INFORMATION SHOWN:
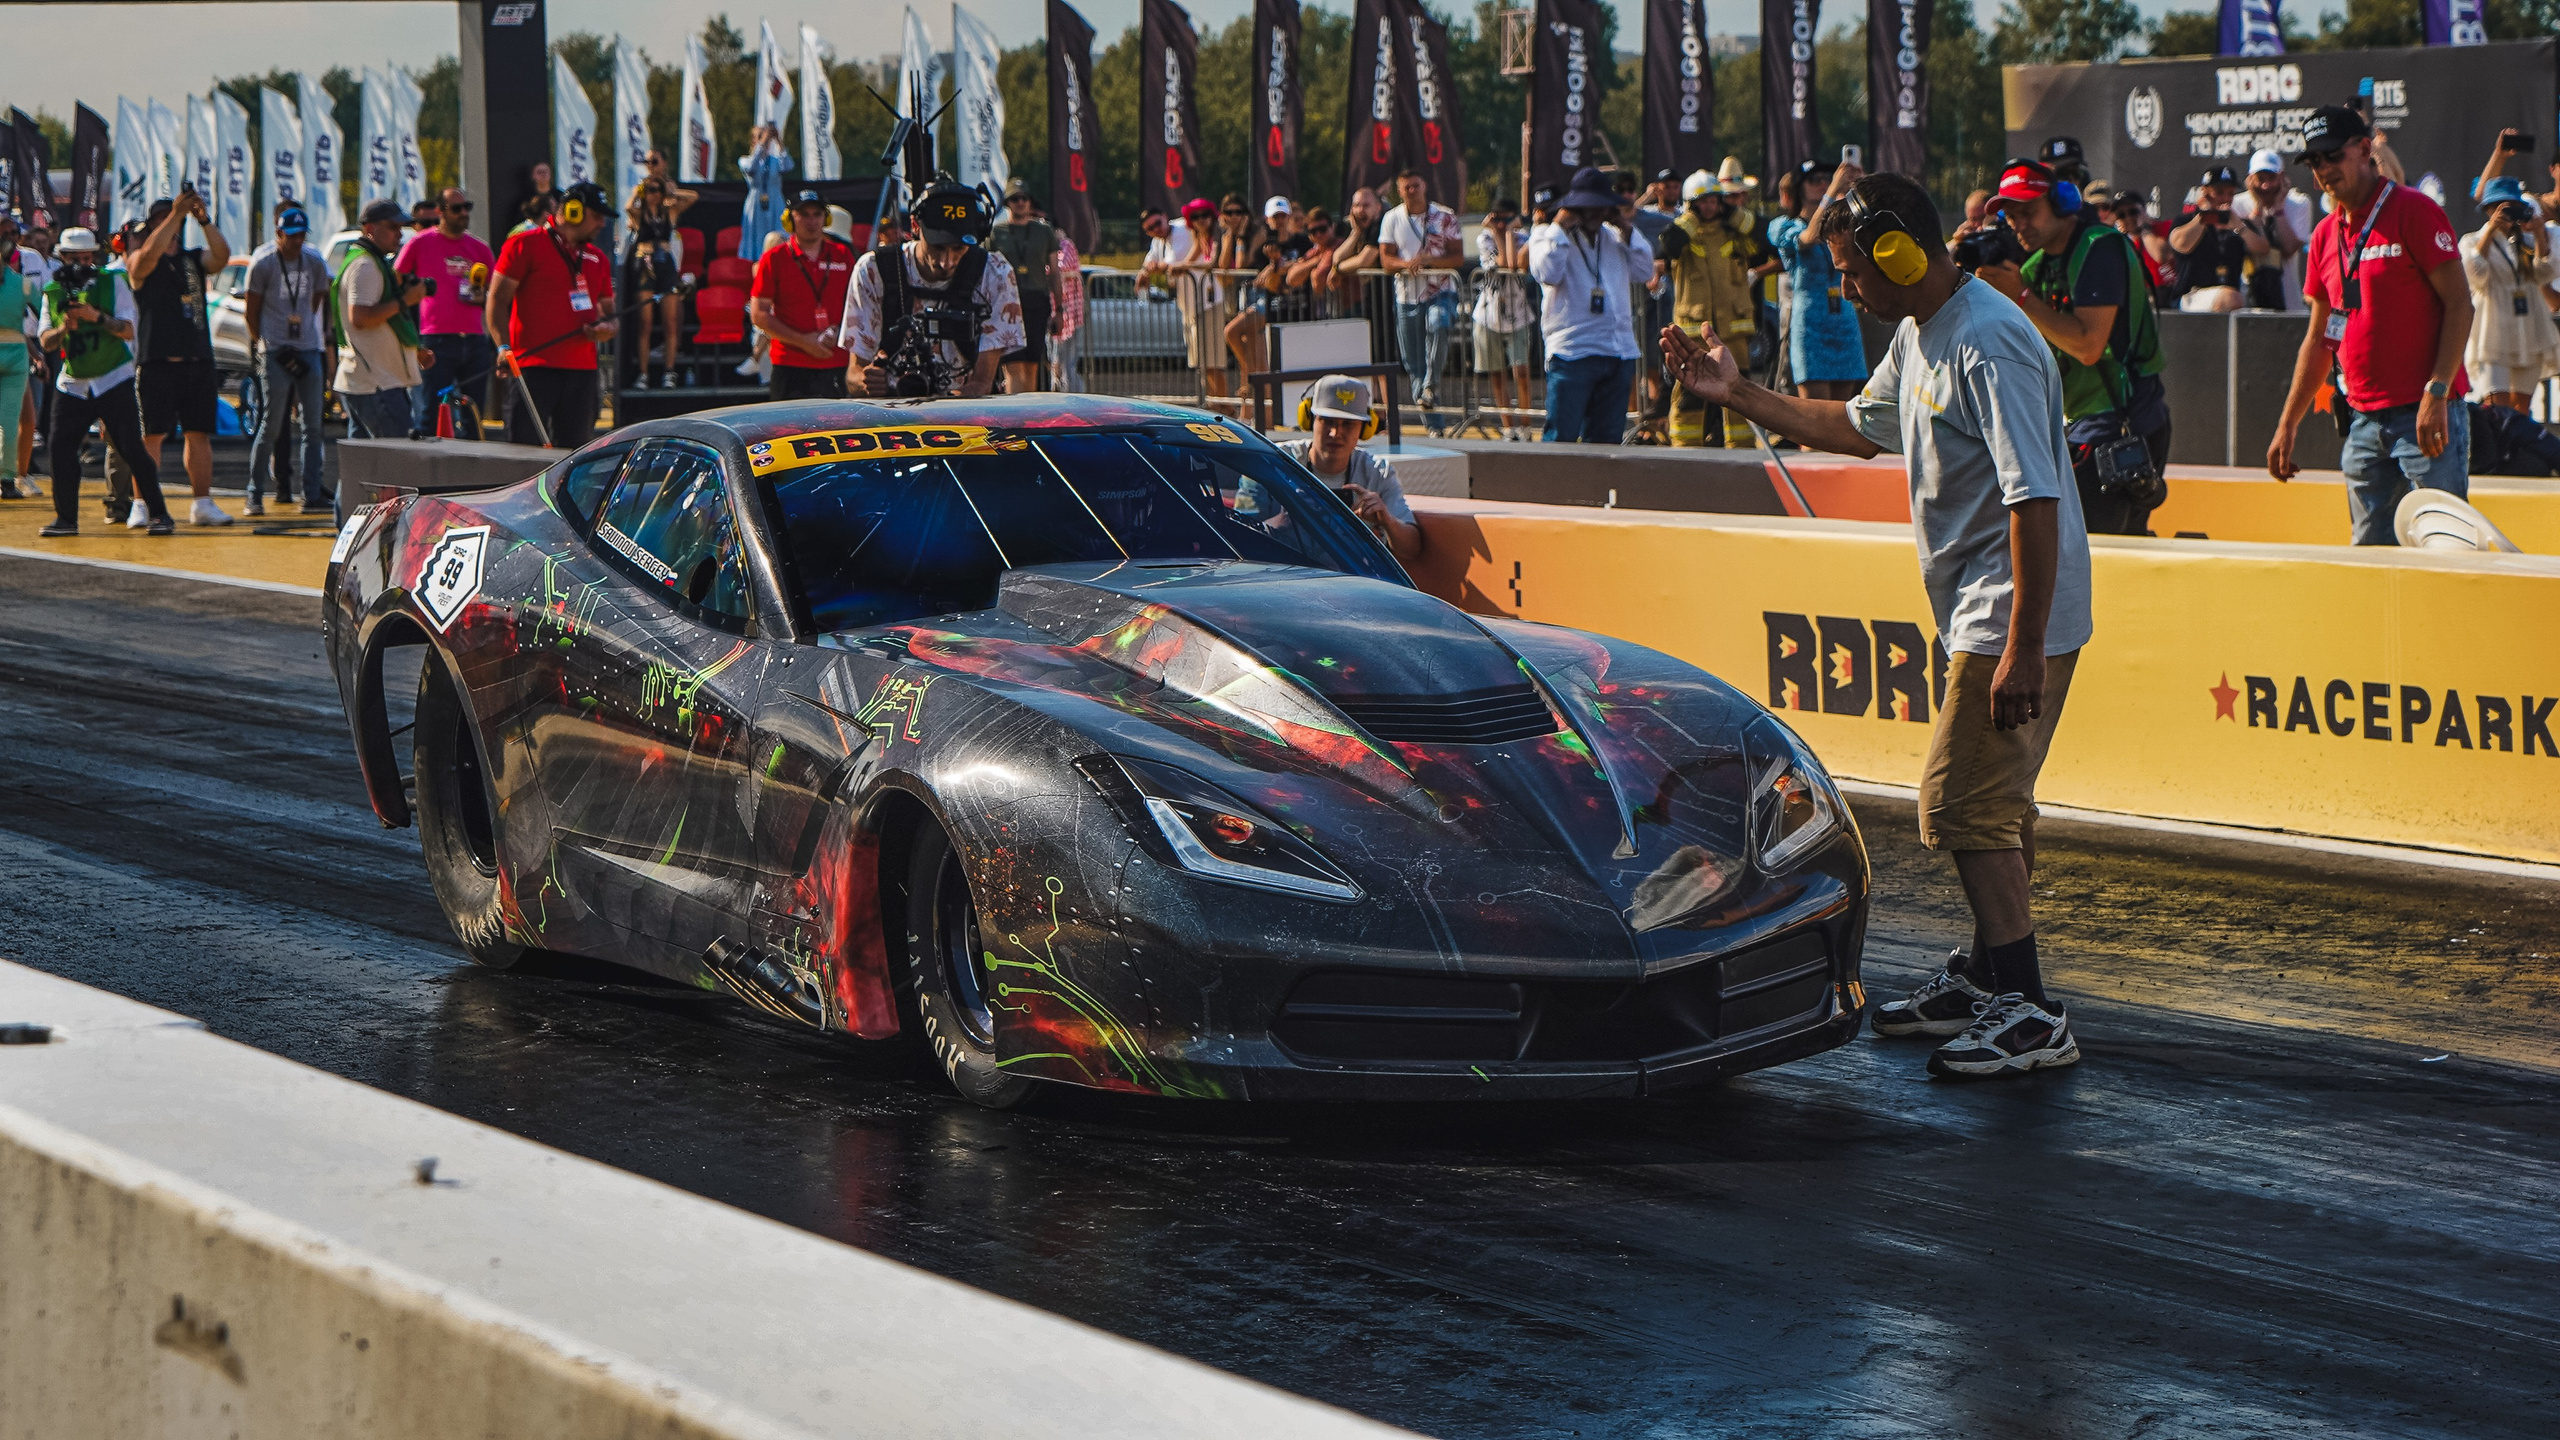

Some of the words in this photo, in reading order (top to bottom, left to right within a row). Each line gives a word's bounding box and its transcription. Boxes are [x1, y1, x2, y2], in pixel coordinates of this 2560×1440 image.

[2217, 63, 2303, 105] RDRC
[2373, 80, 2407, 107] ВТБ
[942, 205, 966, 220] 7,6
[787, 431, 961, 458] RDRC
[1184, 423, 1243, 444] 99
[1097, 488, 1147, 499] SIMPSON
[439, 558, 464, 590] 99
[633, 549, 670, 580] SERGEY
[2244, 675, 2560, 758] RACEPARK
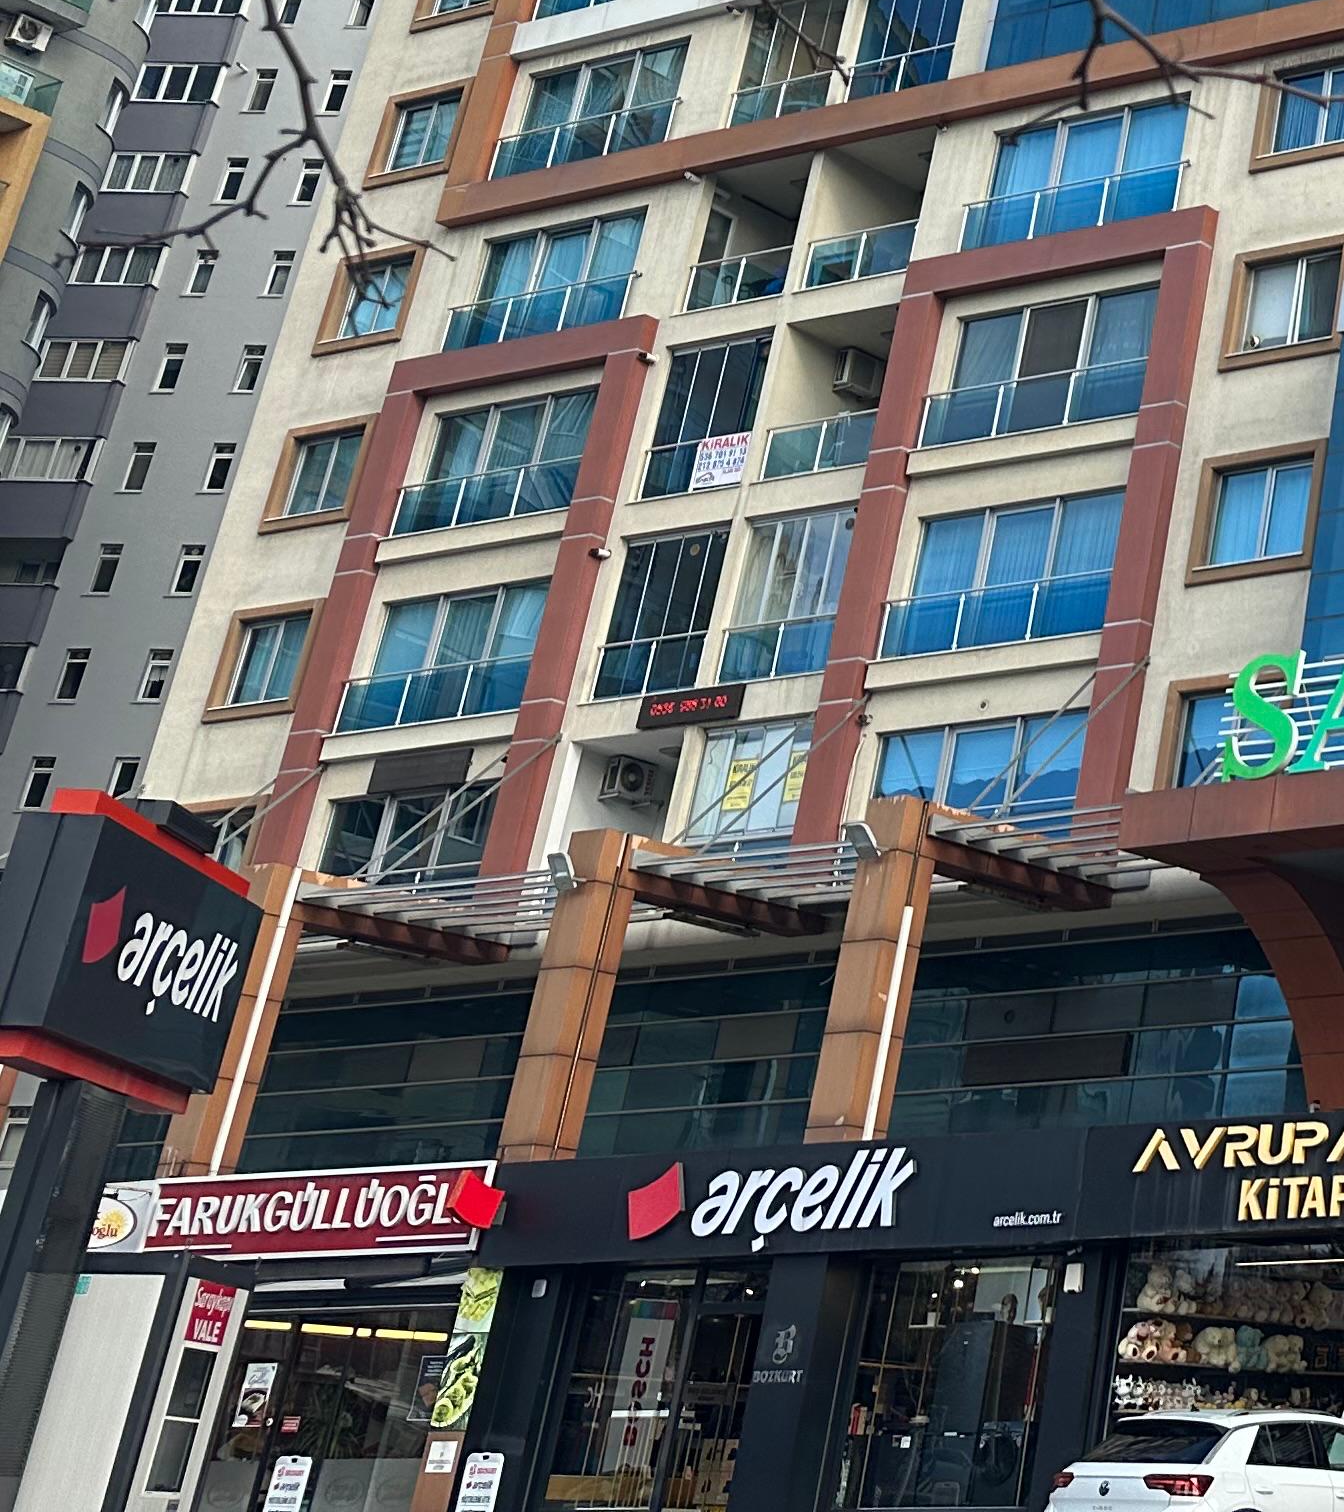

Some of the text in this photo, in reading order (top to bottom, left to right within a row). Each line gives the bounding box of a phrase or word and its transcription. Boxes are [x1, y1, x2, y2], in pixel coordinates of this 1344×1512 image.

WHAT THE TASK REQUIRES:
Would you repeat the complete listing exactly, excluding each picture it holds?

RESULT BELOW:
Some of the words in this photo, in reading order (top to bottom, left to right within a row). Each line gives a word's bounding box and its transcription. Boxes are [x1, y1, x2, y2], in pixel coordinates of this 2560×1440 image.

[2217, 63, 2303, 105] RDRC
[2373, 80, 2407, 107] ВТБ
[942, 205, 966, 220] 7,6
[787, 431, 961, 458] RDRC
[1184, 423, 1243, 444] 99
[1097, 488, 1147, 499] SIMPSON
[439, 558, 464, 590] 99
[633, 549, 670, 580] SERGEY
[2244, 675, 2560, 758] RACEPARK

Some of the text in this photo, in reading order (top to bottom, left to right within a row). Each line gives the bounding box of a phrase or word and its transcription. Boxes are [x1, y1, x2, y2], in pixel coordinates of this 1344×1512 image.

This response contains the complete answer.